*Material for this exercise:*
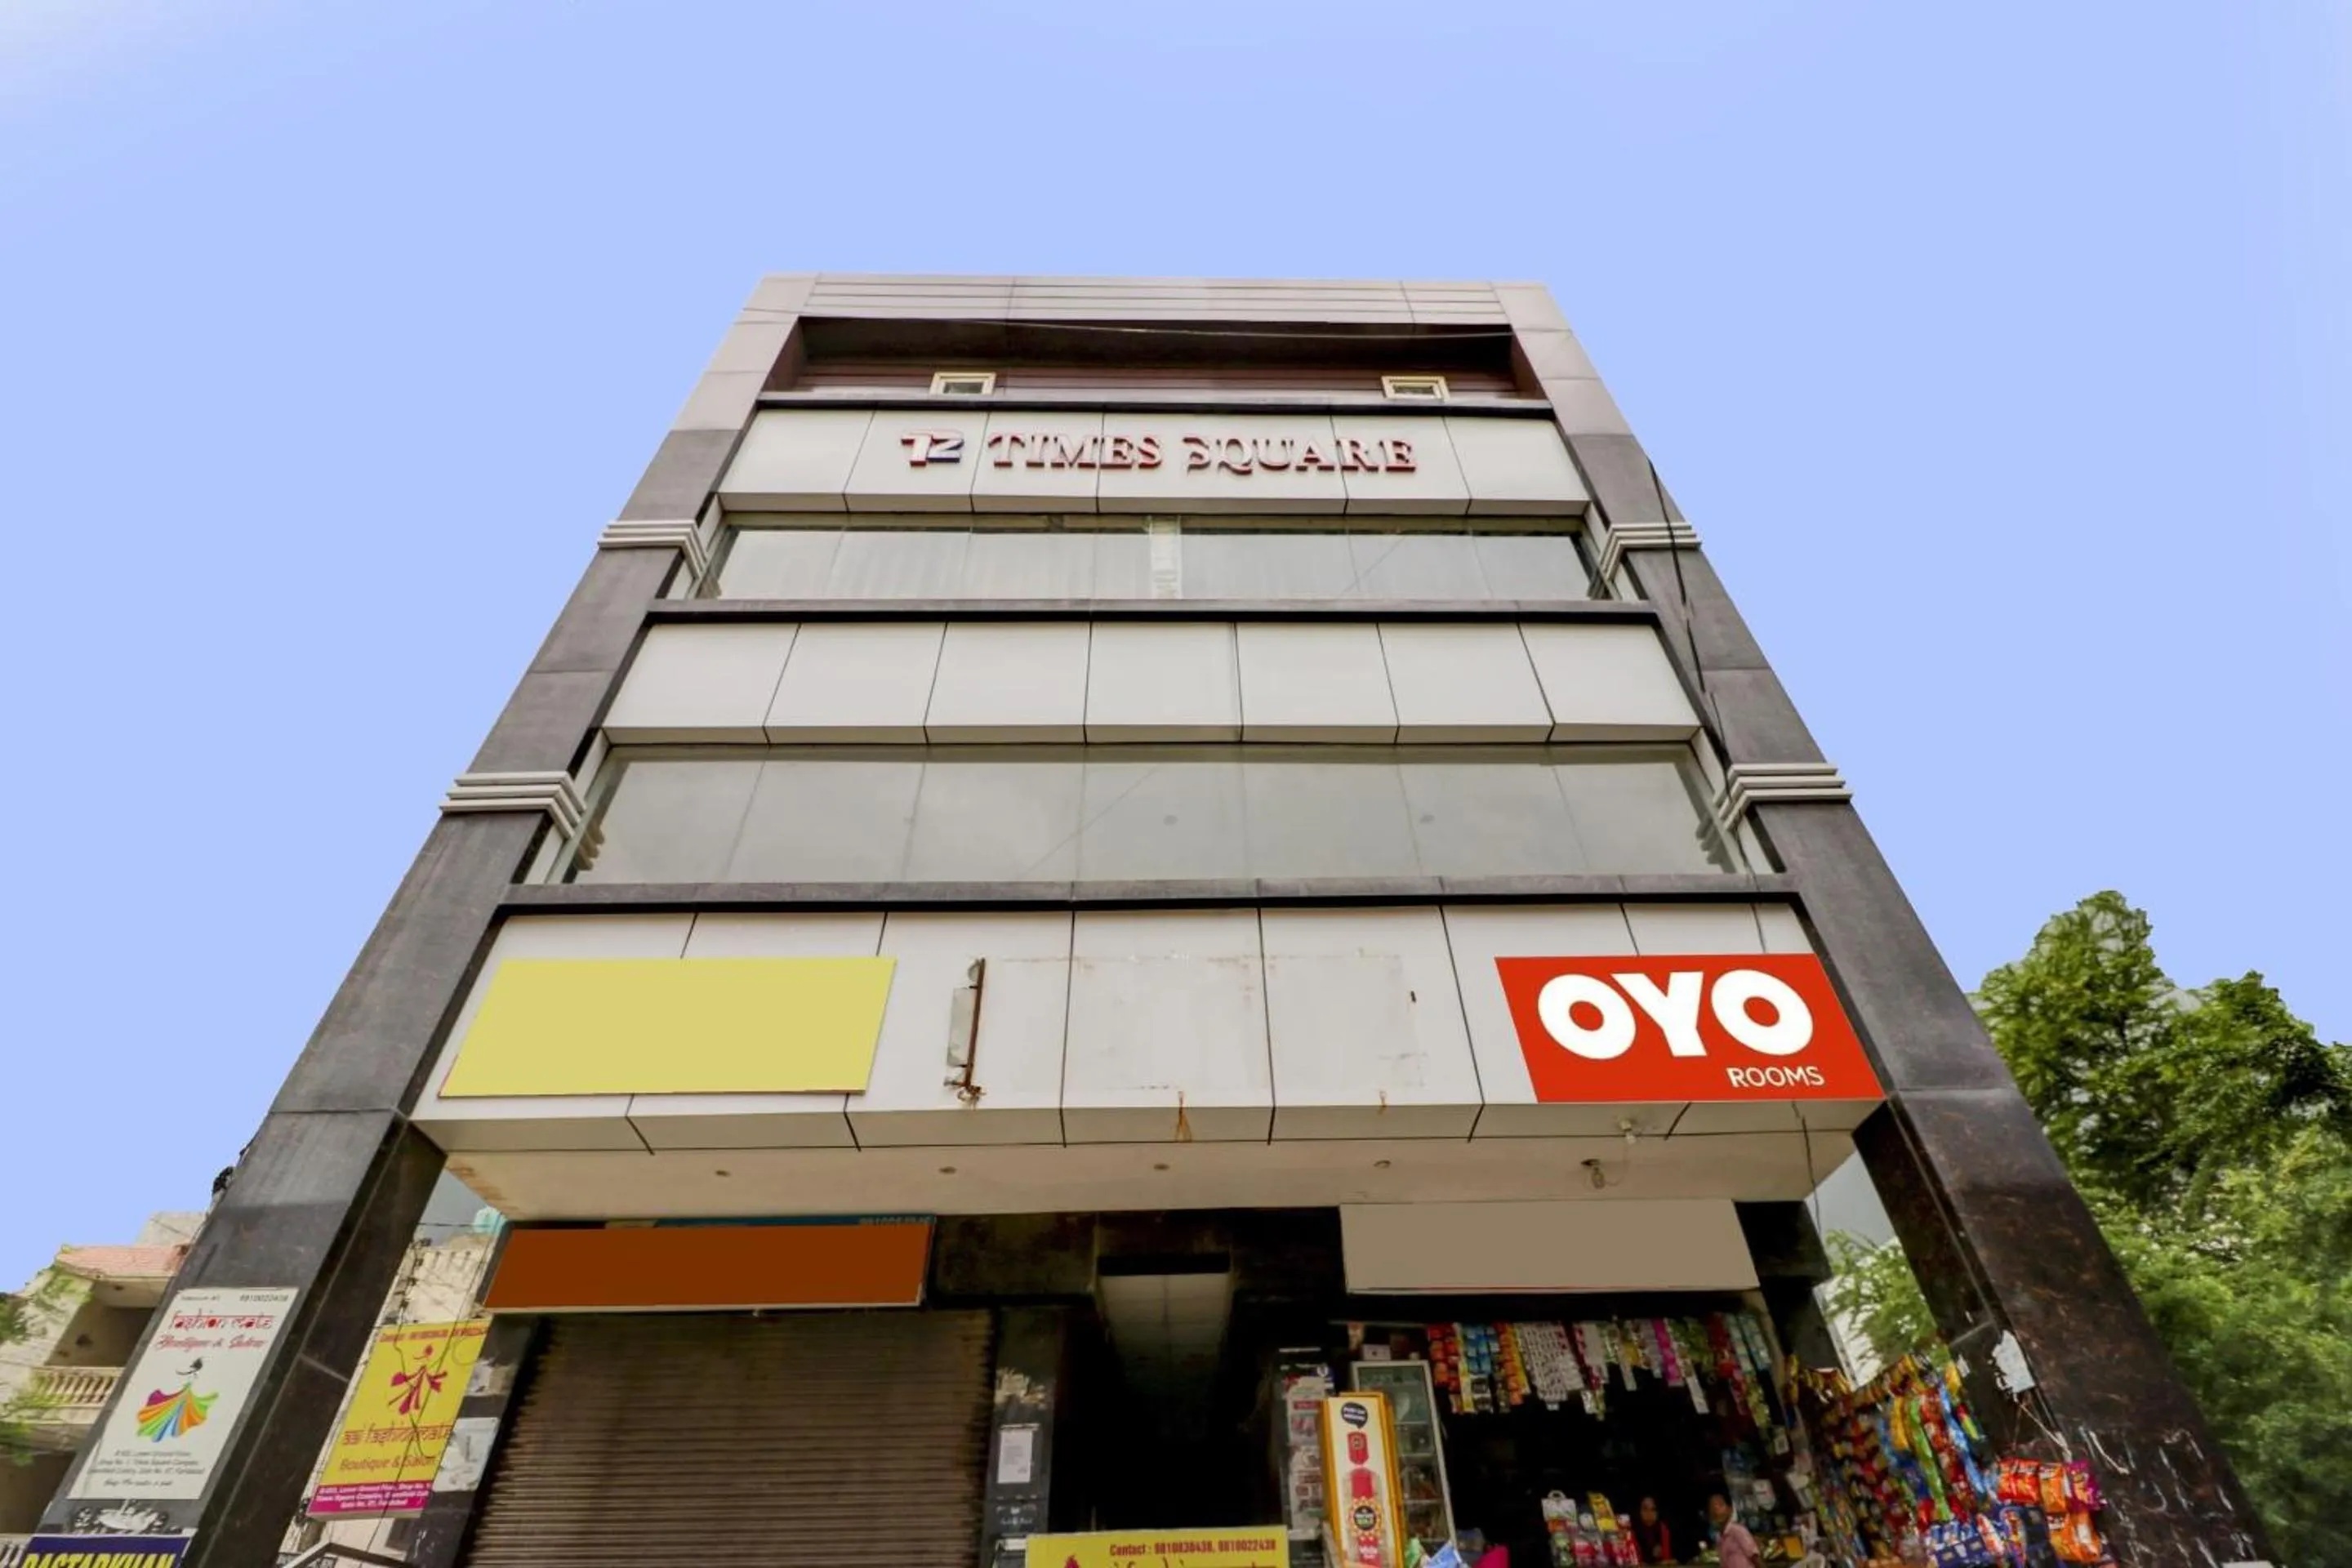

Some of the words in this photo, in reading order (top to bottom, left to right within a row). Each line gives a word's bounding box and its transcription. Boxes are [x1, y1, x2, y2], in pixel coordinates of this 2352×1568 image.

[987, 431, 1163, 470] TIMES
[1182, 434, 1416, 475] SQUARE
[1538, 969, 1813, 1060] OYO
[1726, 1065, 1825, 1088] ROOMS
[1110, 1544, 1146, 1556] Contact
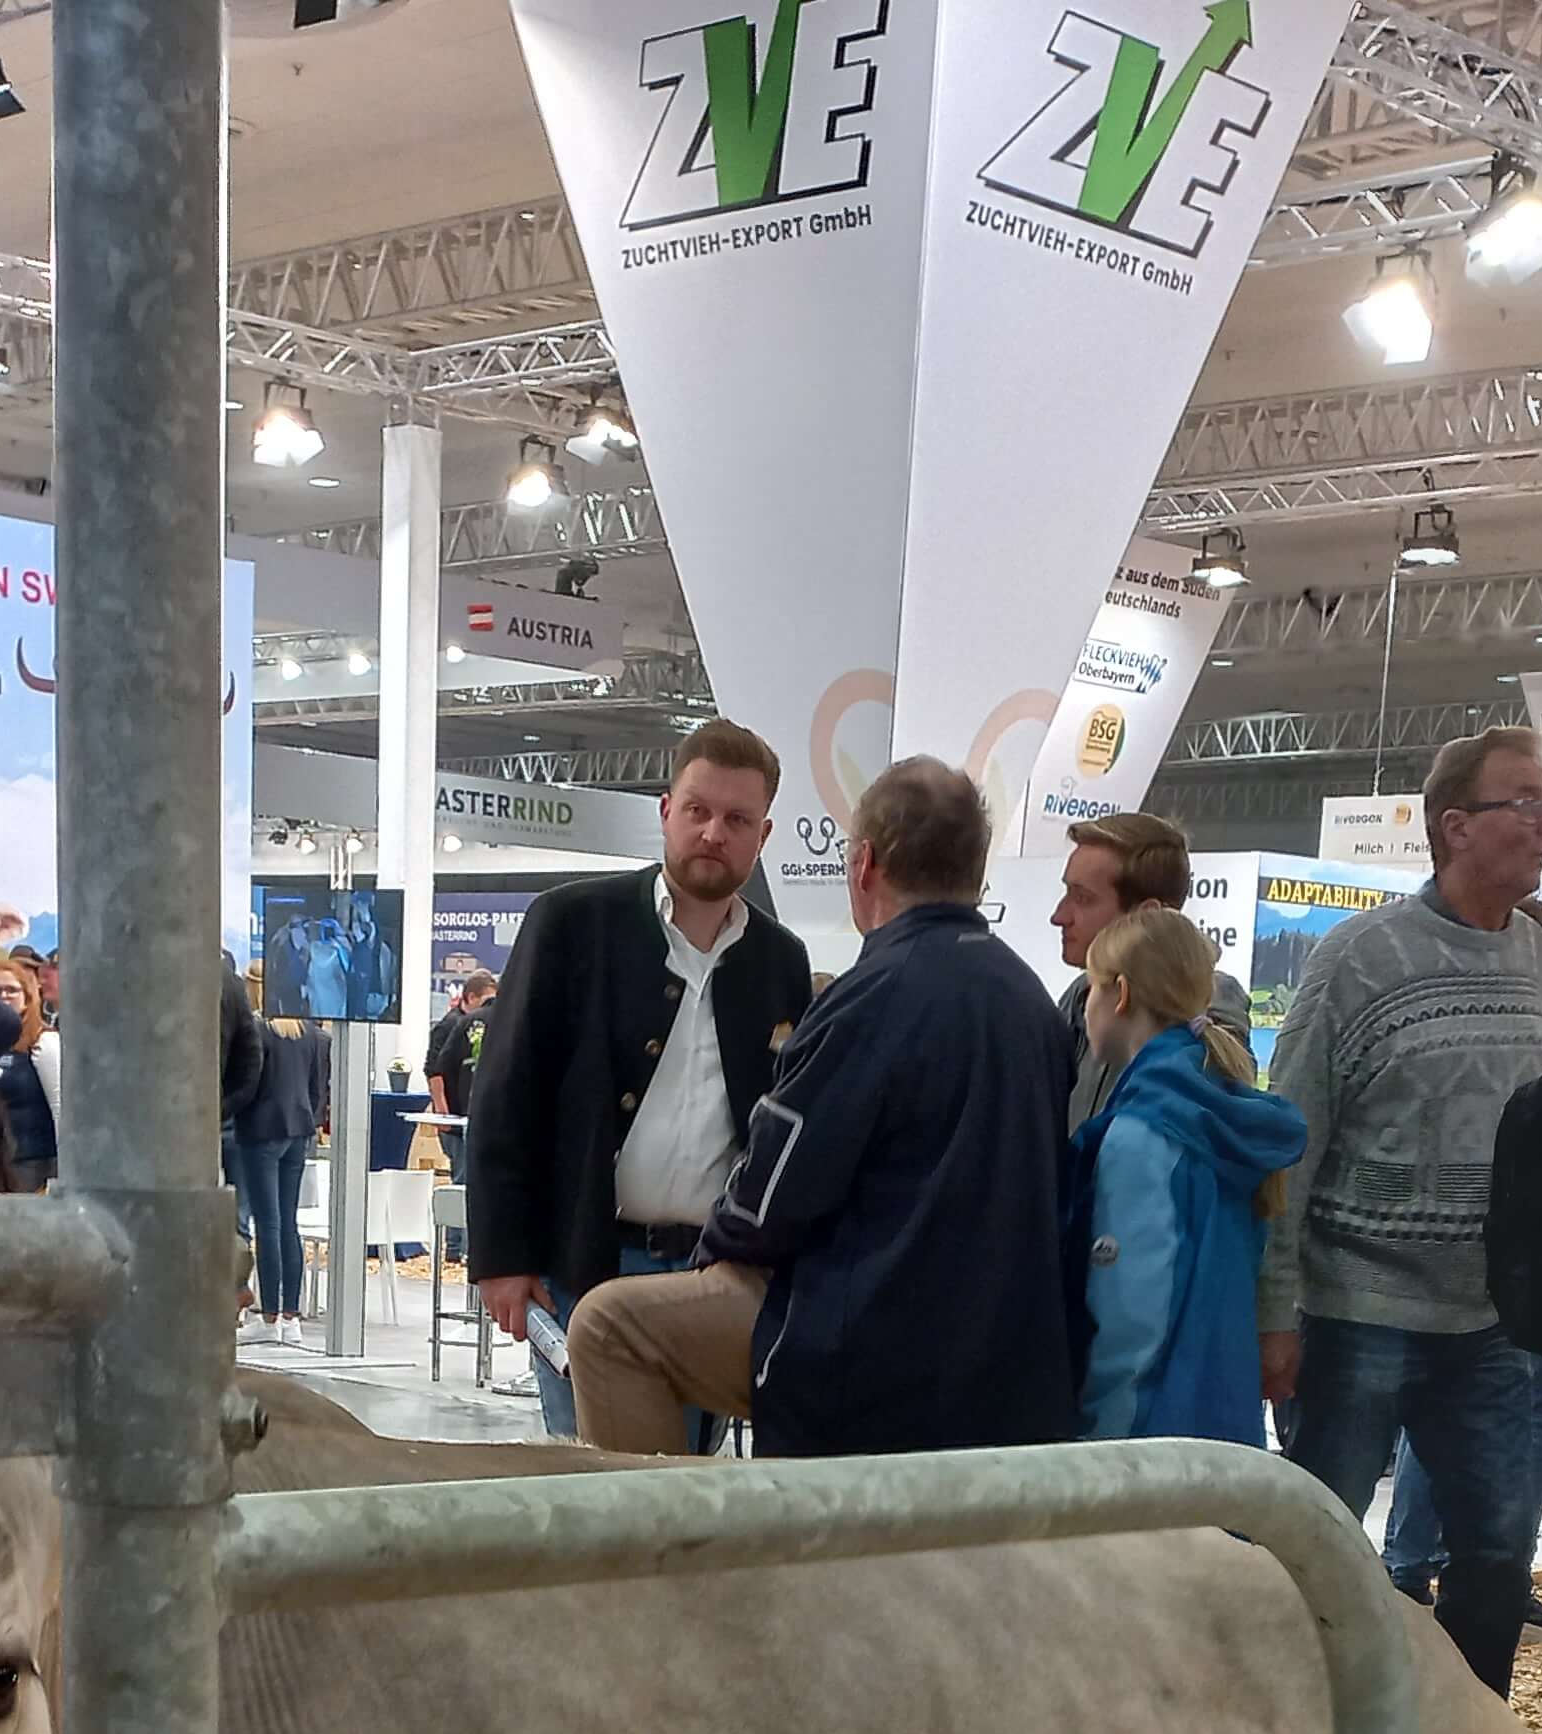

*Task directions:* Keep the pictures out of your copy, and repeat every entry above exactly.

*Result of this exercise:*
Some of the words in this photo, in reading order (top to bottom, left to right within a row). Each line gives a word's bounding box and its transcription. Boxes are [x1, y1, x2, y2], in pixel coordinates of this 2352×1568 image.

[987, 431, 1163, 470] TIMES
[1182, 434, 1416, 475] SQUARE
[1538, 969, 1813, 1060] OYO
[1726, 1065, 1825, 1088] ROOMS
[1110, 1544, 1146, 1556] Contact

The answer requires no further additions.